Stream Processing
TL;DR
Stream processing handles unbounded data in real-time, trading perfect accuracy for low latency. Key challenges include handling late/out-of-order data, managing state, and achieving exactly-once semantics. Apache Kafka and Apache Flink are the dominant technologies.
Batch vs. Stream Processing
Batch Processing:
─────────────────
Input: [████████████████████] Bounded dataset
Process: Wait for all data, then process
Latency: Minutes to hours
Accuracy: Complete, consistent
Example: Daily reports, ETL
Stream Processing:
──────────────────
Input: ──►──►──►──►──►──►──► Unbounded events
Process: Process each event as it arrives
Latency: Milliseconds to seconds
Accuracy: Approximate, eventually consistent
Example: Fraud detection, live dashboardsStream Processing Concepts
Event Time vs.

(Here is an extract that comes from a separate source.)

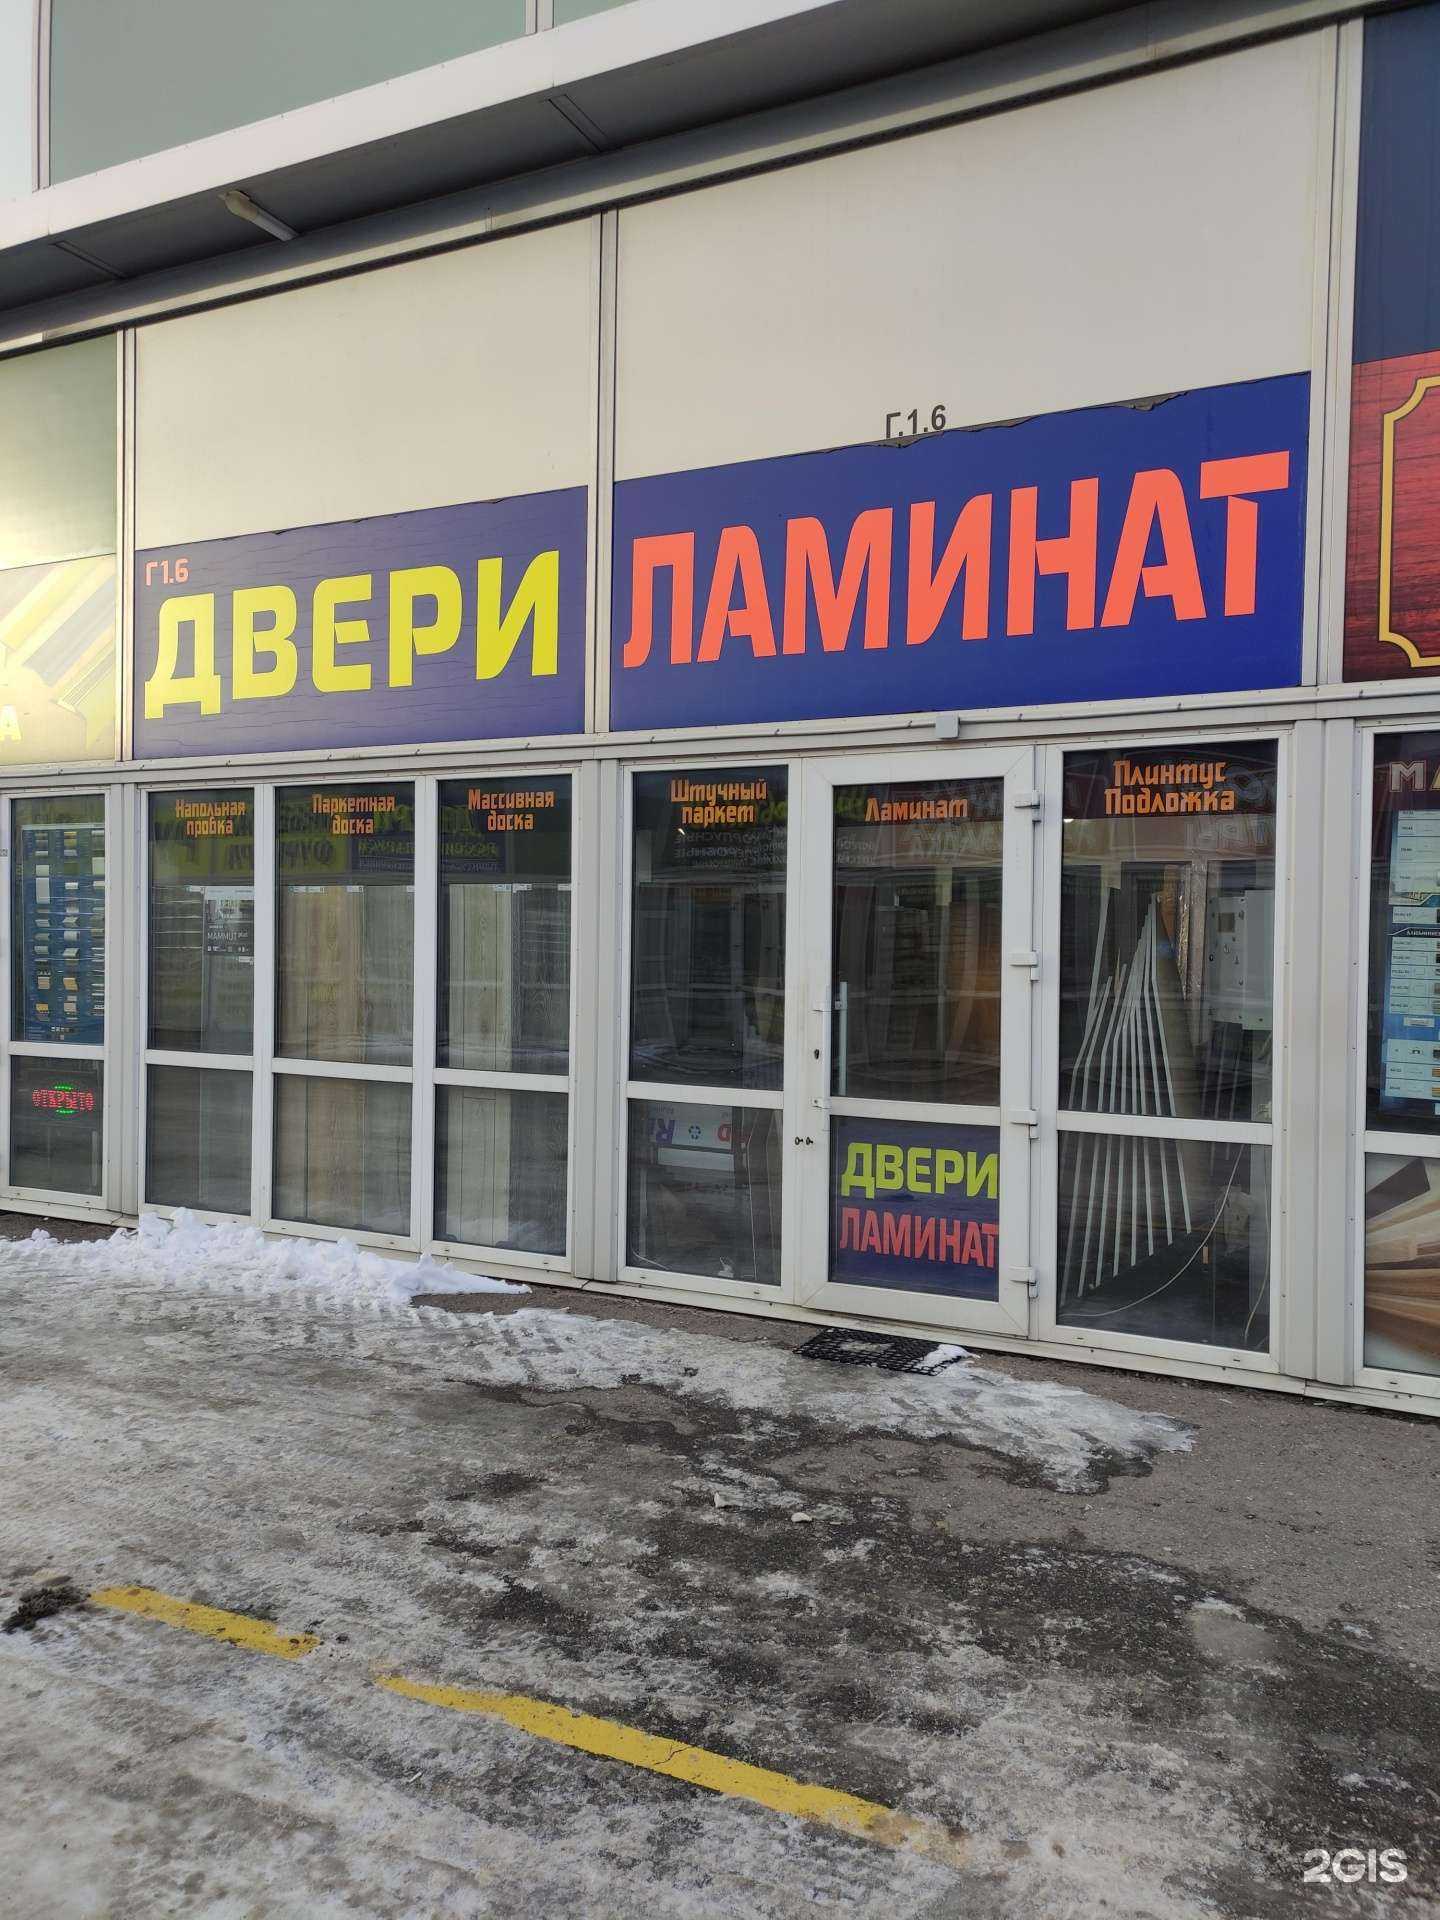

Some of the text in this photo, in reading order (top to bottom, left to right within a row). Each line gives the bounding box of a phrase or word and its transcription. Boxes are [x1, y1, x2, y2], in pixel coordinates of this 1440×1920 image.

Processing Time
Event Time: When the event actually occurred
Processing Time: When the event is processed by the system
Reality:
┌─────────────────────────────────────────────────────────────────┐
│ Event Time │ 00:01 │ 00:02 │ 00:03 │ 00:04 │ 00:05 │
│─────────────┼─────────┼─────────┼─────────┼─────────┼──────────│
│ Event A │ ● │ │ │ │ │
│ Event B │ │ ● │ │ │ │
│ Event C │ │ │ ● │ │ │
│─────────────┼─────────┼─────────┼─────────┼─────────┼──────────│
│ Processing │ │ │ │ A,C │ B │
│ Time │ │ │ │ (00:04) │ (00:05) │
└─────────────────────────────────────────────────────────────────┘
Notice: Event B arrived AFTER Event C (out of order)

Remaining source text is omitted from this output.